A case‐control study of diet and colo‐rectal cancer

A case‐control study of cancer of the colon and rectum has been conducted in Calgary, Alberta and Toronto, Ontario, Canada. A total of 348 cases of cancer of the colon and 194 cases of cancer of the rectum were individually matched by age, sex and neighbourhood of residence to 542 population controls and frequency matched to 535 hospital controls who had undergone an abdominal operation. Each subject received a personal medical history questionnaire and a quantitative diet history questionnaire. Data on a number of potential non‐nutrient risk factors for bowel cancer and on the consumption of 9 nutrients in the 2‐month period up to 6 months before interview were analysed.

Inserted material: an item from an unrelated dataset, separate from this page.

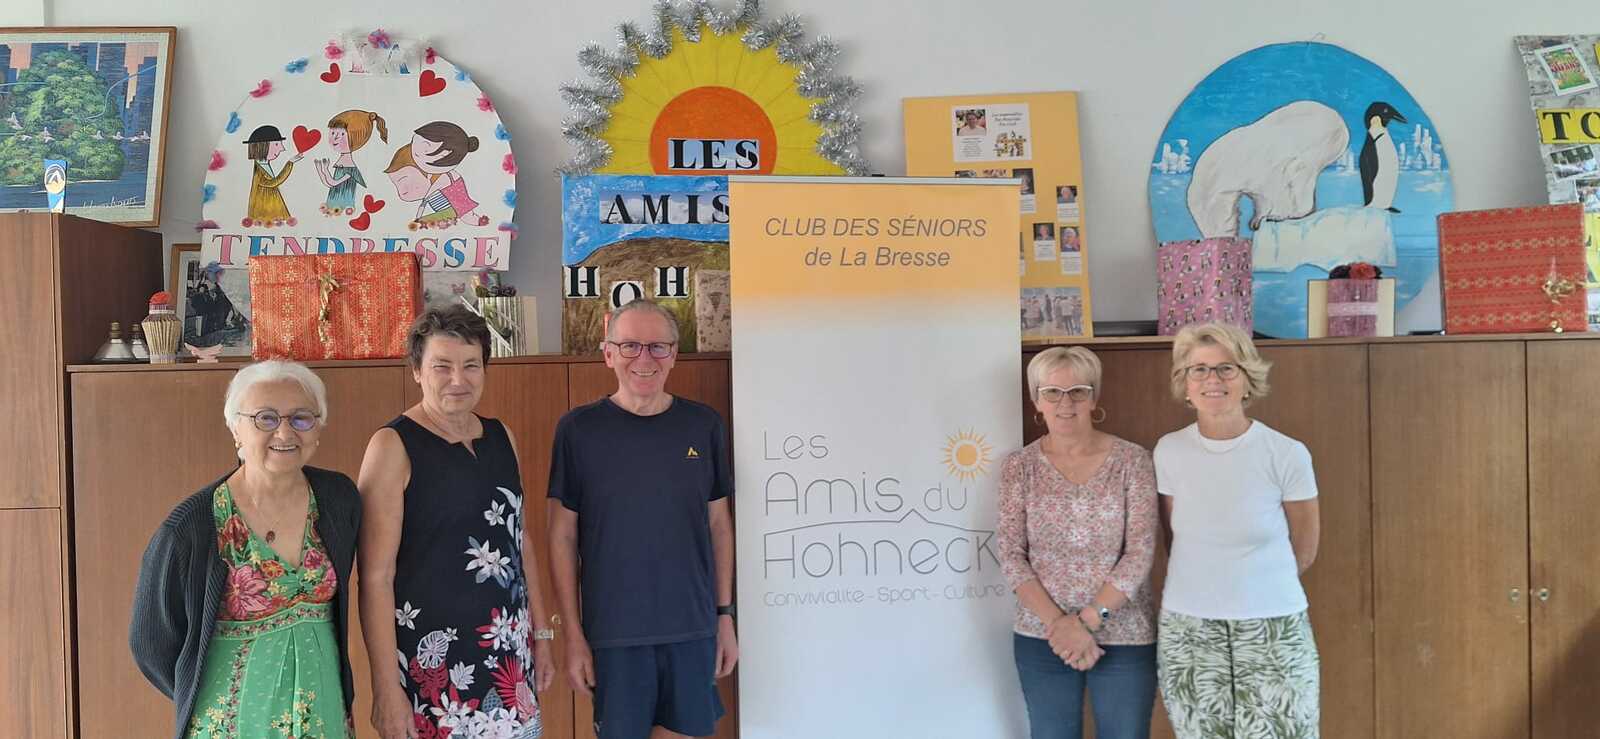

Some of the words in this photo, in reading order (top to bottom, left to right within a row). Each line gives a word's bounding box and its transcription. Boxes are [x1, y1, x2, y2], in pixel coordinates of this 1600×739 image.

The dietary data thus refer to recent diet consumed in a period antedating the diagnosis of, and in most cases symptoms from, large‐bowel cancer in the cases, and a corresponding time period in the controls. The major findings were an elevated risk for those with a history of bowel polyps, and for those with an elevated intake of calories, total fat, total protein, saturated fat, oleic acid and cholesterol. No association was seen with an elevated intake of crude fibre, Vitamin C and linoleic acid. The nutrients for which an increased risk was demonstrated were highly correlated, though multivariate analysis using logistic regression indicated highest risk for saturated fat, with evidence of a dose‐response relationship. The findings in both cancer sites, both sexes and with both sets of controls were quantitatively very similar. The population‐attributable risk for colon and rectal cancer combined was estimated from the neighbourhood controls to be 41% for males and 44% for females for saturated fat intake and 9.8% and 6.4% respectively for any history of polyps.